Mais il y a plus encore que cette réciprocité d'identification : à regarder de près le sens objectif de ce choix, on y trouve la marque d'une intention plus profonde, informulée, charnelle et tendre, qui semble nous renvoyer au monde obscur des affections subies : cet homme offre à son fils son vieux corps usé ; c'est par son fils qu'il a décidé de souffrir. Minutieusement ; il ressentira, passif, dans sa chair, l'action incisive du bistouri. On dirait qu'il veut payer une dette de sang et qu'il aime se démettre entre les mains du jeune homme comme si cette impuissance réelle et consentie était le prix et le reflet d'une autre impuissance, de celle du nouveau-né entre les mains de son jeune père, trente-deux ans plus tôt. Le vieux Flaubert ne voulait pas, nous l'avons vu, disparaître en proclamant la royauté d'un de ses confrères à moins que ce ne fût un Flaubert ; mais on dirait inversement qu'il s'est plu, mourant, à recevoir humblement d'Achille la bonne souffrance, à quêter dans les yeux, dans la voix, dans les gestes de son fils le moindre signe rassurant : comme s'il eût assumé l'être relatif que la maladie donne aux malades pour que l'hoir transfiguré fût porté, par la démission paternelle, à l'être absolu ; le père se fait nourrisson, le fils décidera des besoins du vieux corps, comme le médecin-chef, autrefois, tranchait souverainement sur tout ce qui concernait ses enfants. Mais, surtout, c'est un sacrifice : l'intervention semble tardive, le succès n'est pas assuré ; Achille-Cléophas le sait mieux que personne : s'il est condamné, que la mort lui vienne de son fils aîné. « Je t'ai fait, tu m'as fait : nous sommes quittes ; ou plutôt non : pas tout à fait ; mon sang coule sous ton couteau, c'est la transfusion de pouvoirs : mourant par toi, je sens dans la douleur que le mana me fuit et qu'il entre en ton corps. »

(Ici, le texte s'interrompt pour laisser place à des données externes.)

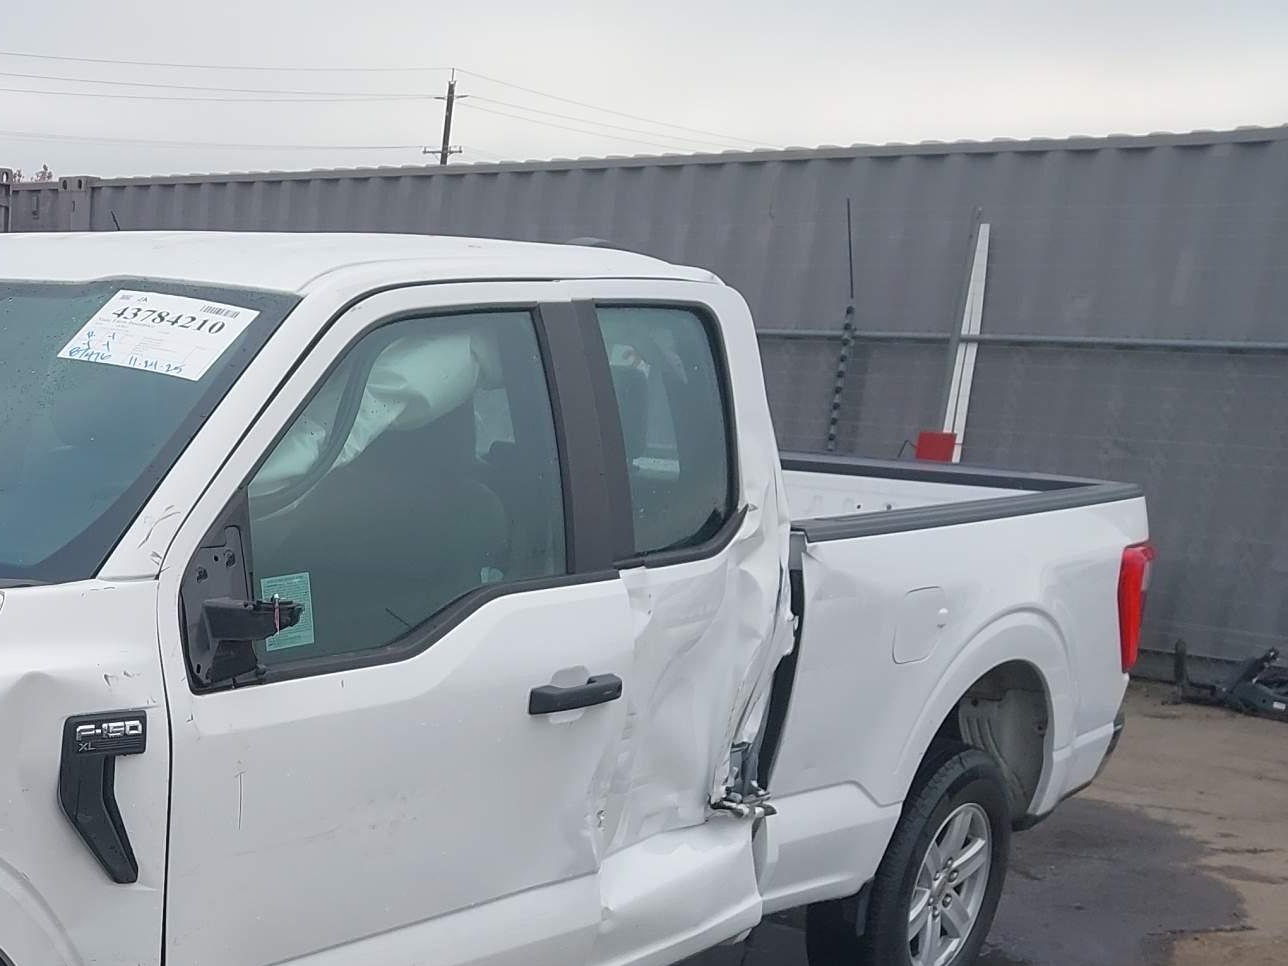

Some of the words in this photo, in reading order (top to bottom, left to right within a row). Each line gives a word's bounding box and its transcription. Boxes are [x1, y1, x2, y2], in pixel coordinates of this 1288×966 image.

[111, 305, 226, 335] 43784210
[75, 719, 143, 742] F-150
[78, 742, 97, 752] XL

Ce qui frappe, c'est la passivité consentie. Souffrances et mort infligées, acceptées d'avance, dépendance réclamée, subie, brusque renversement des rôles, comme dans les Saturnales, le père devenant le fils dans ses langes pour un fils qu'il métamorphose en son propre père : tout cela n'est pas voulu, ni vu ni connu, mais ressenti, Achille-Cléophas s'enfonce dans cette lourde et profonde inertie qui enveloppe les douleurs physiques et les affections indistinctement. C'est par son fils et pour lui mais surtout en lui qu'il éprouve sa générosité seigneuriale comme une maladie, bref comme une Passion. Mais celle-ci, à son tour, comment la concevrions-nous sinon comme une passion chauffée à blanc. Il faut bien le reconnaître : les dernières relations du père avec son fils ont été vécues passionnément. Achille-Cléophas aura tout donné à son fils aîné : la vie, les biens matériels, son savoir, son office et finalement son corps. Bref il n'aima jamais en son fils une aventure singulière, un « monstre » incomparable à tout, une vie chanceuse dont les hasards et la mort inévitable font le prix quel qu'en soit le cours. Il se chérissait en son fils comme Autre et par là même il fit d'Achille un autre Achille-Cléophas.

Le plus surprenant résultat de cette relation, c'est que le Vieux, s'offrant de lui-même au couteau, ôta à son aîné jusqu'à la possibilité de se délivrer par le classique meurtre du père : certes, Achille l'a tué mais il s'est fait, en tremblant, jusque dans l'opération, le docile instrument d'un suicide sacré.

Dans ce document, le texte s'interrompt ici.